Rail Responses Provide Extrication Challenges

A good number of us have rail lines, light rail transit systems and even tourist railroad operations in our communities that we serve and protect. Rail rescue responses provide all kinds of challenges and present numerous types of rail car construction, locomotives and equipment.

You should know the locations of the best access points to rail lines are that run through your community. You or your communications center should have the contact numbers for dispatchers who control traffic over local rail lines. Also it is a good idea to carry this information in command vehicles. A good set of topographic maps is often useful for mapping access and anticipating the flow of spilled materials.

In general, response to rail-based incidents requires a whole host of tools, from hand tools to the very heavy-duty power tools. Usually you’ll need large cribbing and jacks, low- and high-pressure air bags, cutting torches and other specialized tools.

No matter what kind of train is involved there is always some type of locomotive engine for power. They can be diesel, steam or electric, or a combination. Passenger and freight diesel locomotives are the most common, but few firefighters know that the diesels do not directly power the train. The diesel engines drive huge generators that produce energy for electric traction motors that actually turn the wheels.

System failures on a moving train can develop electric motor fires as well as diesel exhaust fires leading to emergencies. But the biggest fire hazard occurs following a train crash. Even the most modern emergency shut-down systems will fail in a train wreck.

A good reference guide for locomotives and passenger cars is the Emergency Evacuation Procedures guide by the National Railroad Passenger Corporation (Amtrak) that was put out several years ago. This manual has technical data, diagrams and related information for various type passenger cars. Important for firefighters are diagrams of door access systems on both passenger cars and locomotives.

Access to the crew cab areas of diesel locomotives can be made in several ways. Cab doors may swing either inward or outward depending on manufacturer and most have latches and windows.

The doors may be forced with hydraulic rescue tools. A small portable unit such as the Power Hawk P-16 or the Hurst LKE 55 are good choices because they can be operated in confined spaces.

Cab door glass and windshields are usually set in a removable rubber gasket channel or some other frame secured with screws or fasteners. The door and window glass may be plastic laminate, safety glass or even Lexan, each requiring different removal techniques and tools.

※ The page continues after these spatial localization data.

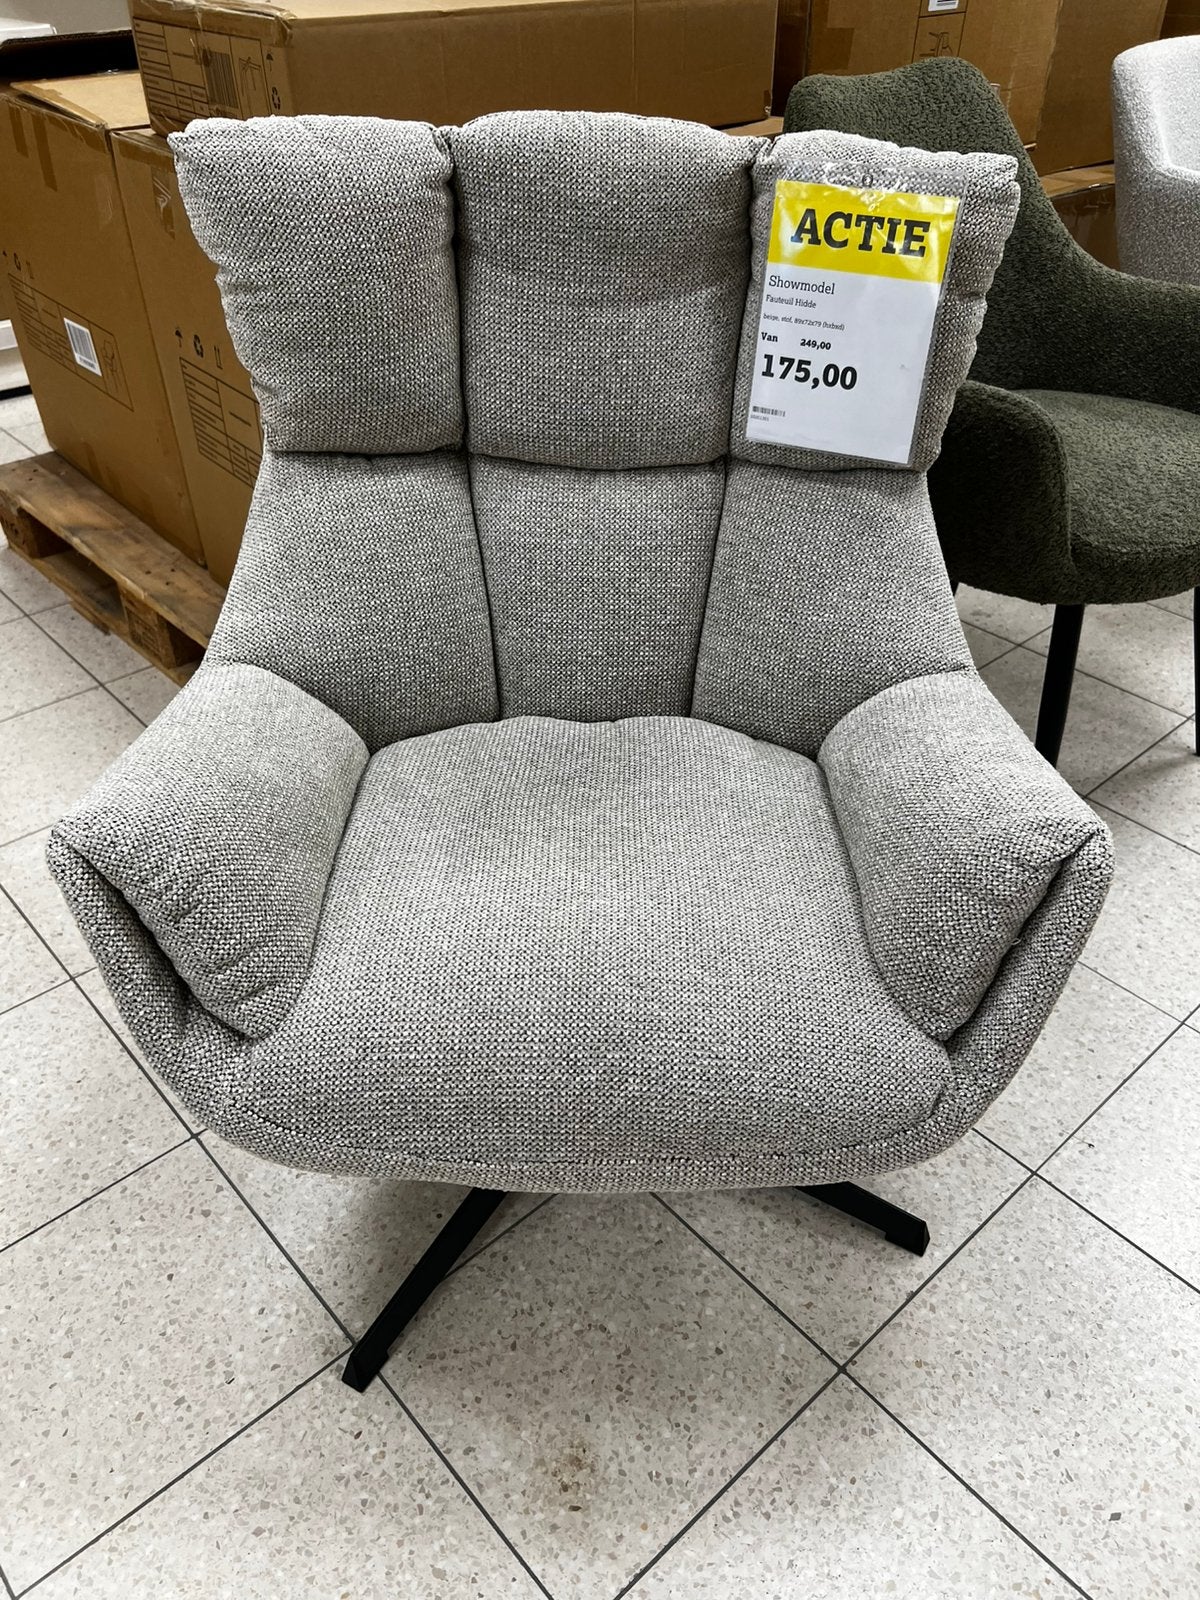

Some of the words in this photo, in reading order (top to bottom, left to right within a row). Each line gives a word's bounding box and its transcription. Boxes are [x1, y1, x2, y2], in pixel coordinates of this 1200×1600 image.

[791, 208, 931, 257] ACTIE
[768, 275, 835, 295] Showmodel
[765, 294, 794, 306] Fauteuil
[795, 298, 817, 309] Hidde
[761, 332, 778, 343] Van
[800, 338, 832, 350] 249,00
[761, 353, 858, 390] 175,00
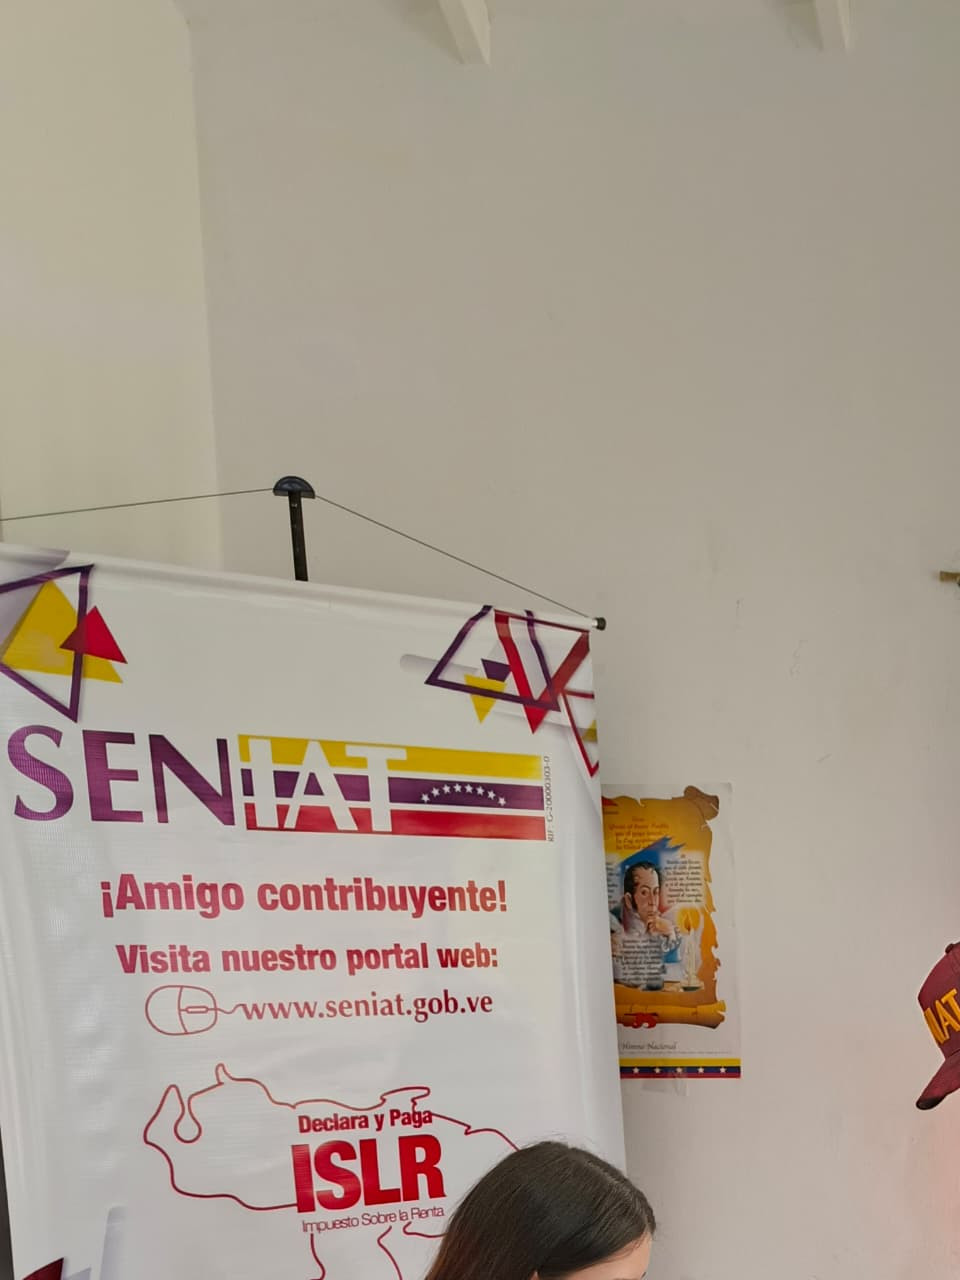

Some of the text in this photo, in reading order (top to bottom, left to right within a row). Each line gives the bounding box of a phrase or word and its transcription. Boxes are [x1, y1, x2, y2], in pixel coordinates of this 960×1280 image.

[7, 724, 408, 832] SENIAT
[101, 873, 507, 918] ¡Amigo contribuyente!
[116, 942, 499, 976] Visita nuestro portal web:
[241, 990, 493, 1023] www.seniat.gob.ve
[298, 1109, 433, 1133] Declara y Paga
[291, 1134, 447, 1213] ISLR
[302, 1206, 445, 1233] Impuesto Sobre la Renta
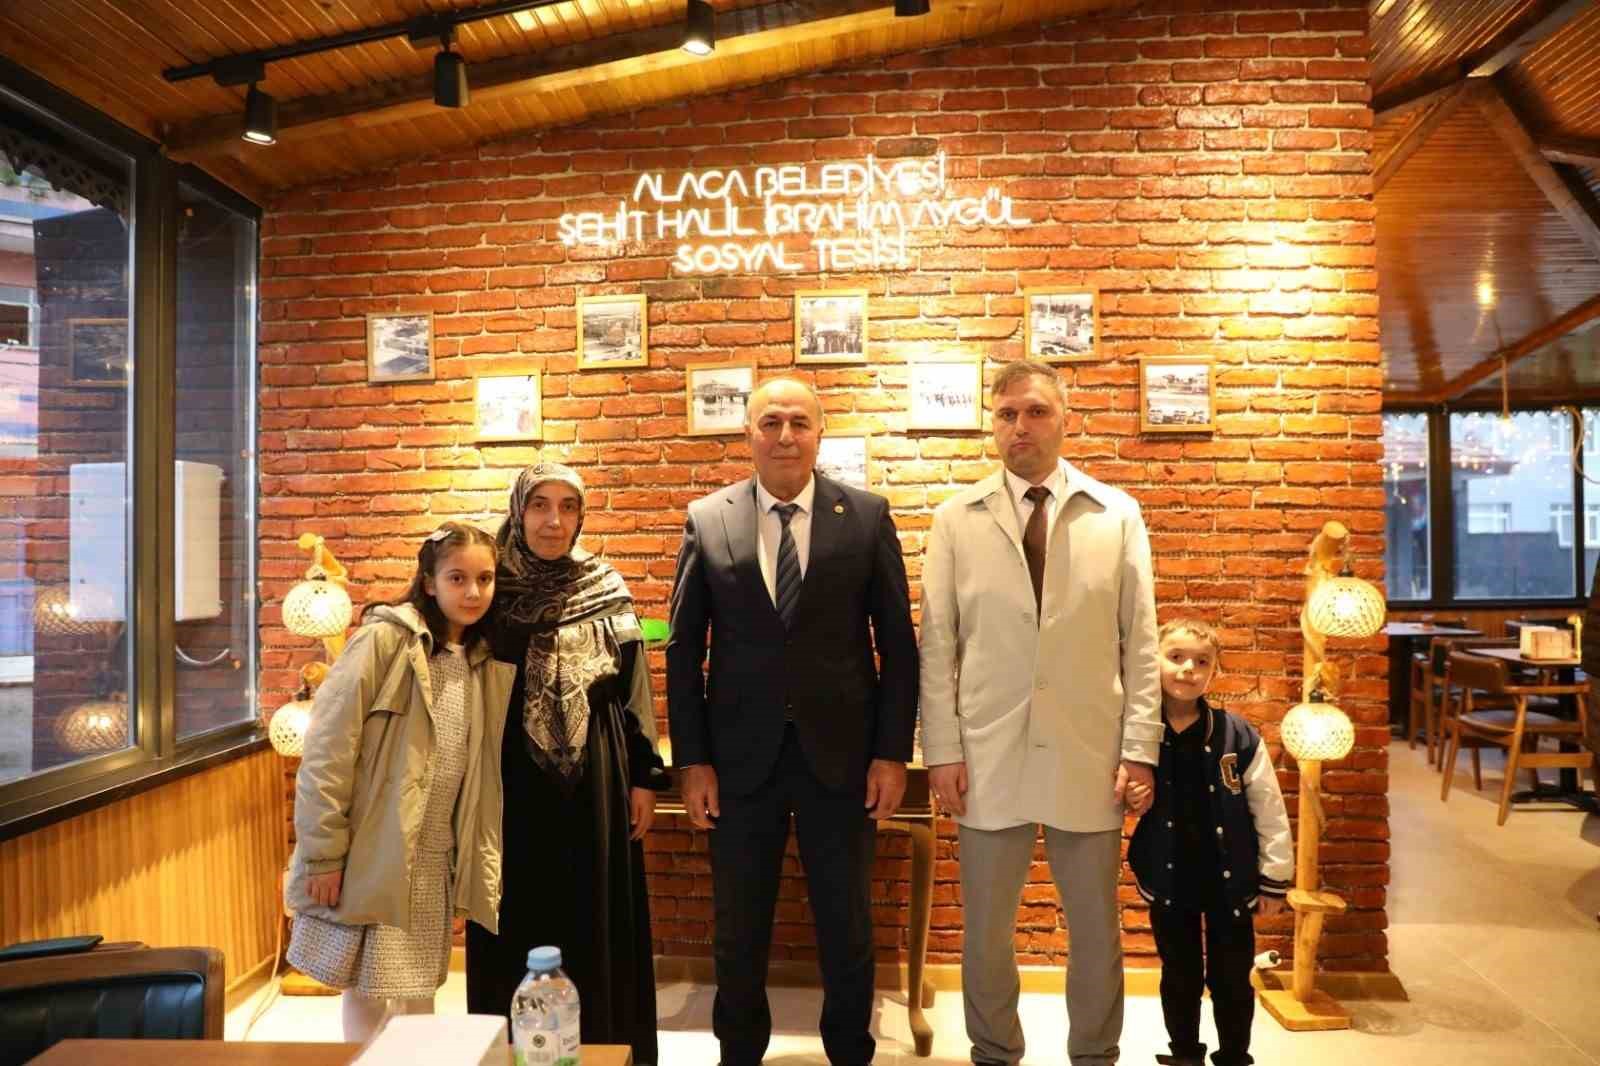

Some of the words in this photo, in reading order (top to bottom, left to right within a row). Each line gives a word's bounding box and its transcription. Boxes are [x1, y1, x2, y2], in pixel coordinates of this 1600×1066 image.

[633, 169, 748, 202] ALACA
[911, 187, 1032, 227] AYGÜL
[672, 241, 804, 272] SOSYAL
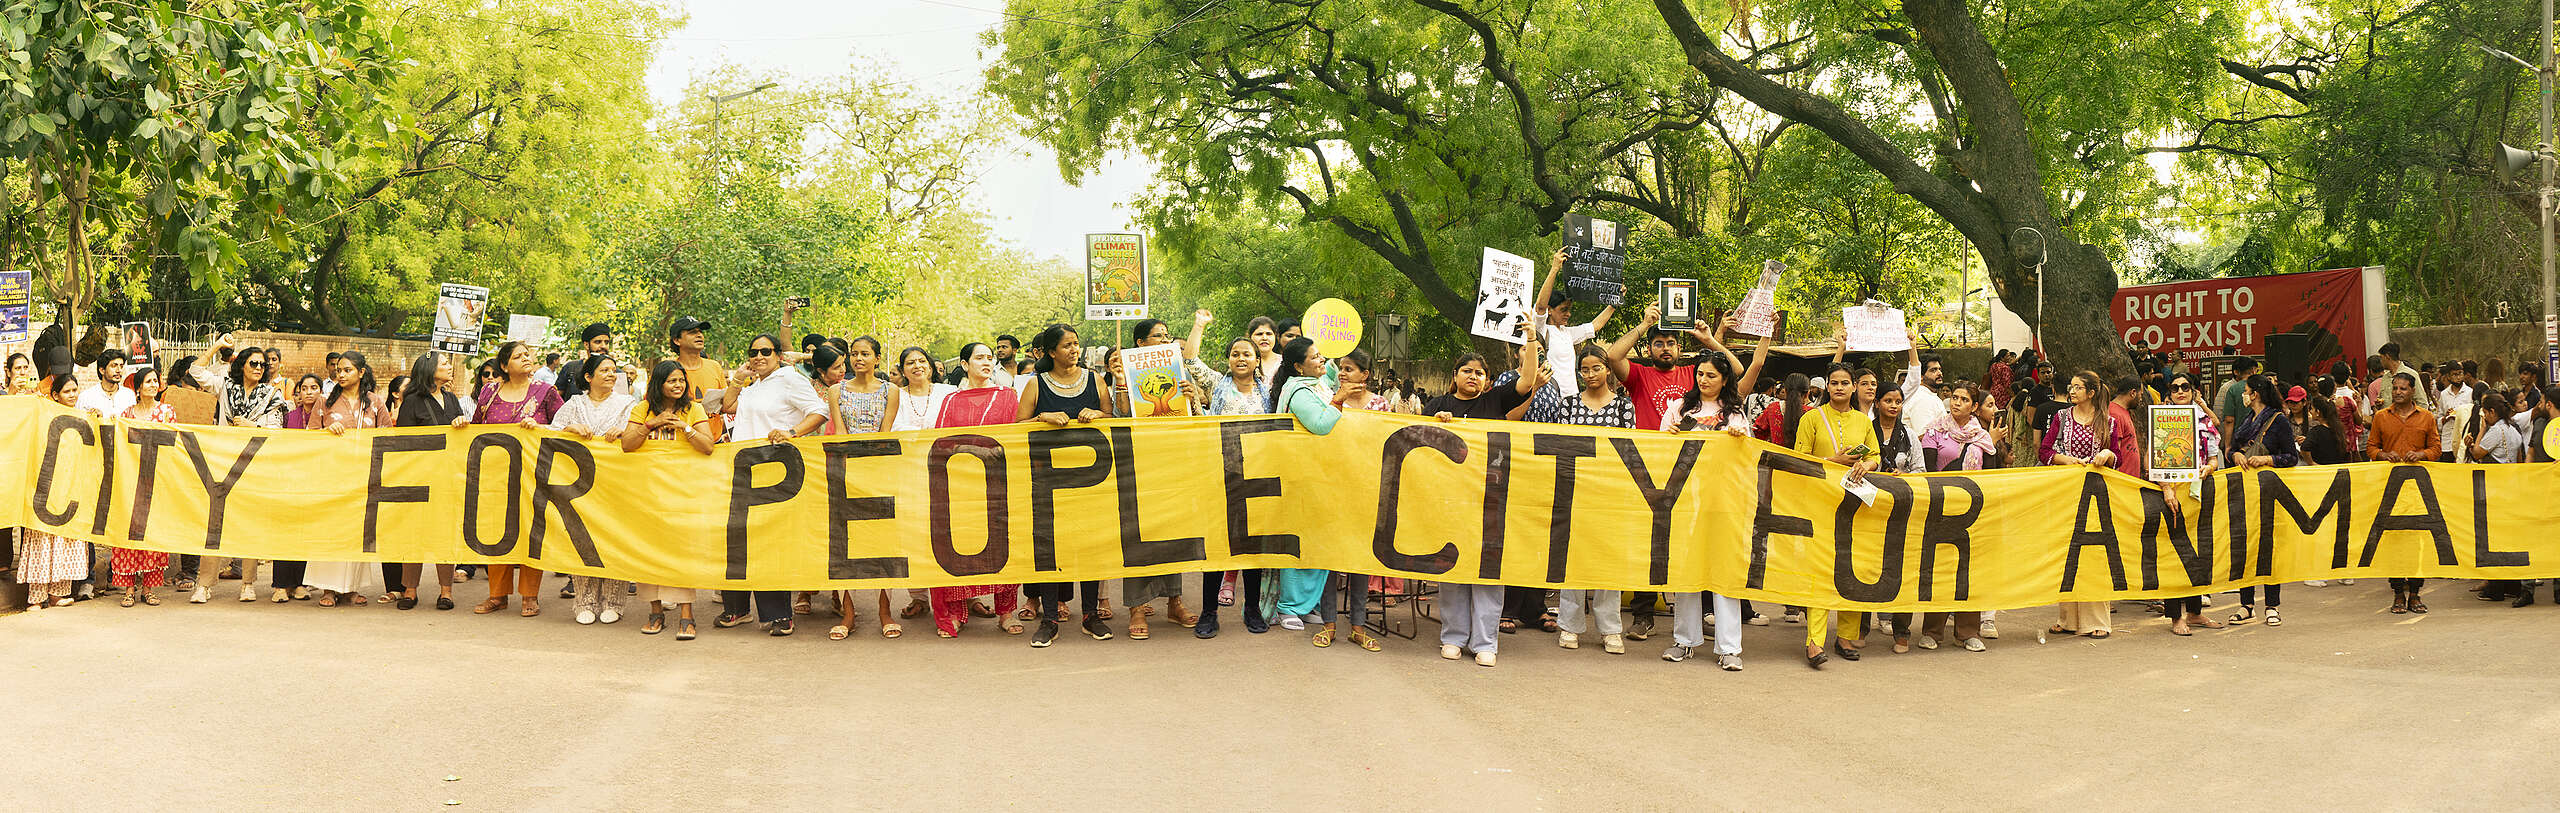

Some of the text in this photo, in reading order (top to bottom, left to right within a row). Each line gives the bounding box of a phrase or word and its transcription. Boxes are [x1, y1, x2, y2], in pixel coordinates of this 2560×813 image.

Some other considerations include having heavy wood cribbing available and the ability to lift the locomotive if needed. Locomotive cab area entrapment may require the use of hydraulic rescue tools, a Milwaukee Sawzall and small hand tools as well.

Locomotives with a large forward nose often have a bathroom area located there. Wide body locomotives without outside walkways usually have inside walkway areas. Check for victims in all hidden areas.

As for hazards besides the usual, we need to remember that locomotives run on No. 2 diesel fuel and can have tanks holding several thousand gallons. All locomotives have manual in-cab emergency fuel shut-offs and another near the fuel tanks.

Each make and style of locomotive type has its own unique electrical system. Get together with your local railroad’s safety staff. They can provide you with a ton of information that will help you preplan for railroad emergencies.

Passenger car bodies are usually made from steel and aluminum. Doors between the can be pneumatically, hydraulically or electrically operated.

The passenger cars will have marked emergency windows, just like a bus. Most cars have a dual double window setup with a rubber molding holding both an outer pane of safety glass and an inner pane of Lexan. To remove this type window you need to break the outer pane with a striking tool and cut through the Lexan with a Sawzall.

Newer cars use a double pane held in by a rubber zipper strip and gasket. Use a small screwdriver to remove the zipper strip and then the window inward along the lower edge. The window will easily fall into the car.

Emergency windows must be released by pulling the inside red handle to drop entire window inward. The car may have several support systems such as high voltage electricity, propane gas and refrigeration units. There are dining cars, coaches, sleepers and roomettes, each with its own layouts. Contact your local railroad for more information.

Make sure you notify the railroad dispatcher when working along the right-of-way. As always be safe and return to quarters.

Editor’s Note: Allen Baldwin is the manager of operations and incident response for the Pennsylvania Turnpike Commission and a volunteer assistant chief with the Gettysburg (Pa.) Fire Department. He has been a firefighter and EMT for over 25 years, served as chief of the Chambersburg (Pa.) Fire Department and is an instructor with the Pennsylvania State Fire Academy and several community colleges.